Araria is not alone. Four months into the pandemic in India, the virus has travelled from urban centres into the hinterland, where a fractured health care system, low awareness and abject poverty are emerging as major impediments in the battle against Covid. Of India’s over one million cases, nearly a third are from 658 districts where the share of rural population is more than 40%, and a quarter of the cases is in the 584 districts that have more than 60% rural population. This means that while the majority of the infections are being reported from urban centres rural India is dealing with a significant caseload.
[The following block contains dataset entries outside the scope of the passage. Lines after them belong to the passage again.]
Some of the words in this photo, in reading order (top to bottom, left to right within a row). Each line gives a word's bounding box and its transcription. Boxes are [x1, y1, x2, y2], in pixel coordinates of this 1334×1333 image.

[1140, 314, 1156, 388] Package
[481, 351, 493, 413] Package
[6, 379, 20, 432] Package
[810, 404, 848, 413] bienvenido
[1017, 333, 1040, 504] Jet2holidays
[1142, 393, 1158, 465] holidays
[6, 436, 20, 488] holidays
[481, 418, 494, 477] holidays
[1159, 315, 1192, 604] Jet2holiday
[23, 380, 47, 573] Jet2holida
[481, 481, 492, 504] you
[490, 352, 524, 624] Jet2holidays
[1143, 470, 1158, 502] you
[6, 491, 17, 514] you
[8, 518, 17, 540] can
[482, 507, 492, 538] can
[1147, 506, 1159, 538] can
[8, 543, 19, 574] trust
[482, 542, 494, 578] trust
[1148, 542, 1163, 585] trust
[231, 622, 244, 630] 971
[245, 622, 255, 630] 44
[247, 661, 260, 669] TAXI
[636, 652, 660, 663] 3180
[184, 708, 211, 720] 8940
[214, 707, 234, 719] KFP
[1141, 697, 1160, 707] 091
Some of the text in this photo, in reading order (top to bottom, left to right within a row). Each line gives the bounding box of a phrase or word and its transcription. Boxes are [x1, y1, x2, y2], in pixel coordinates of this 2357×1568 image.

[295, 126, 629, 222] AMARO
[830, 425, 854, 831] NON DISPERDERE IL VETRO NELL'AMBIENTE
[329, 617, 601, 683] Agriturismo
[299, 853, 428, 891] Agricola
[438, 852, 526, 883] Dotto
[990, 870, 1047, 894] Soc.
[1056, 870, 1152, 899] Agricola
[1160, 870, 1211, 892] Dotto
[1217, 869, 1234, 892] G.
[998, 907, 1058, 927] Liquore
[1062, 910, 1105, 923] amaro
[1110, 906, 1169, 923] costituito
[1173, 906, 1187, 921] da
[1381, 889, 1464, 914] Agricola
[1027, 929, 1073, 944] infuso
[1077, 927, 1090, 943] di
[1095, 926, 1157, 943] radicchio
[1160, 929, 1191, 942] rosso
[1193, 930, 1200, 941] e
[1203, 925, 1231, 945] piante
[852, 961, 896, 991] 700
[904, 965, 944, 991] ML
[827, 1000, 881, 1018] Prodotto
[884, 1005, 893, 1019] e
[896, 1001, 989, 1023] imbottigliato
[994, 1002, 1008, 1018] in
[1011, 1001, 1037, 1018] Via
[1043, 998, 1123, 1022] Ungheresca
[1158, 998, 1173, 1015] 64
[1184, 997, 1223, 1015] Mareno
This is a heavy burden because some of the states with the largest rural populations such as Bihar and Uttar Pradesh, also have the lowest per capita hospital bed or doctor availability. In Bihar, which has the largest share of rural population — only 0.11 beds and 0.39 doctors are available per thousand people — as opposed to 0.46 and 1.54 for Maharashtra, the worst-hit state.
“Of course, there is an increase in cases in rural areas and that was to be expected. After the lockdown lifted, and jobs remained elusive, millions travelled home without facilities for testing, contact tracing and isolation,” said Dr Vivekananda Jha, executive director of The George Institute for Global Health, Delhi.
Testing is another problem. Compared to 38,188 tests per million in Delhi and a national average of 9,908 tests per million, Bihar conducted 2,907 tests, Uttar Pradesh, 5,891 tests and Odisha 8,287 tests per million.
“In cities, however crowded, migrants live and work with others who are relatively young, but when they go back to their multi-generational families and communities, they infect the old and vulnerable who have very often poor or no access to health systems,” said Dr Ambarish Dutta, associate professor, Indian Institute of Public Health, Bhubaneswar.
Uttar Pradesh and Bihar, which are the two biggest sources of migrants, also have daunting health care challenges. The health infrastructure of Uttar Pradesh and Bihar, for example, is 2.5 times lower than Kerala’s, according to Niti Aayog’s State Health Index 2019.
In many of these regions, decades of chronic underfunding of health care has brought the crisis to a head. For people living in rural areas, where private facilities are usually few, the government allopathic doctor-patient ratio is 1:10,926, shows the National Health Profile 2019 data. In the past two months, states have attempted to scale up facilities.
In Bihar, for example, health minister Mangal Pandey said there are now 441 Covid Care Centres. “All six medical college and hospitals have been asked to arrange 100 beds for Covid patients and 40,000 rapid testing kits have been sent to districts,” he added.
Experts agree there has been a degree of improvement over the years. “Some progress has certainly been made in improving service delivery in rural areas, but the focus has been largely on maternal and child care, with some good work in malaria and TB control. But by and large, the infrastructure capacity to cope with infectious diseases in terms of trained personnel, laboratory support and good district and sub district level hospitals continue to be poor. A lot more focus and investment is needed,” said K Sujatha Rao, former Union health secretary. A survey done by the National Health Authority, which runs the government’s flagship Ayushman Bharat health assurance programme, found 22 of 101 accredited private hospitals had remained inactive and 81 declined to provide Covid-19 treatment.
The bigger fear than rising cases in rural India, experts said, is the possibility of infections going unrecorded.
“It’s clear that testing is low in these states, and transmission will remain high as people are not tested. We have experience, not from coronavirus infection but other disease, which people get ill and die in rural areas without going to a hospital and the cause of death is not recorded,” said Jha. “Unless we test, isolate and treat and strengthen primary health care more widely, coronavirus in rural areas will remain unrecorded,” he said.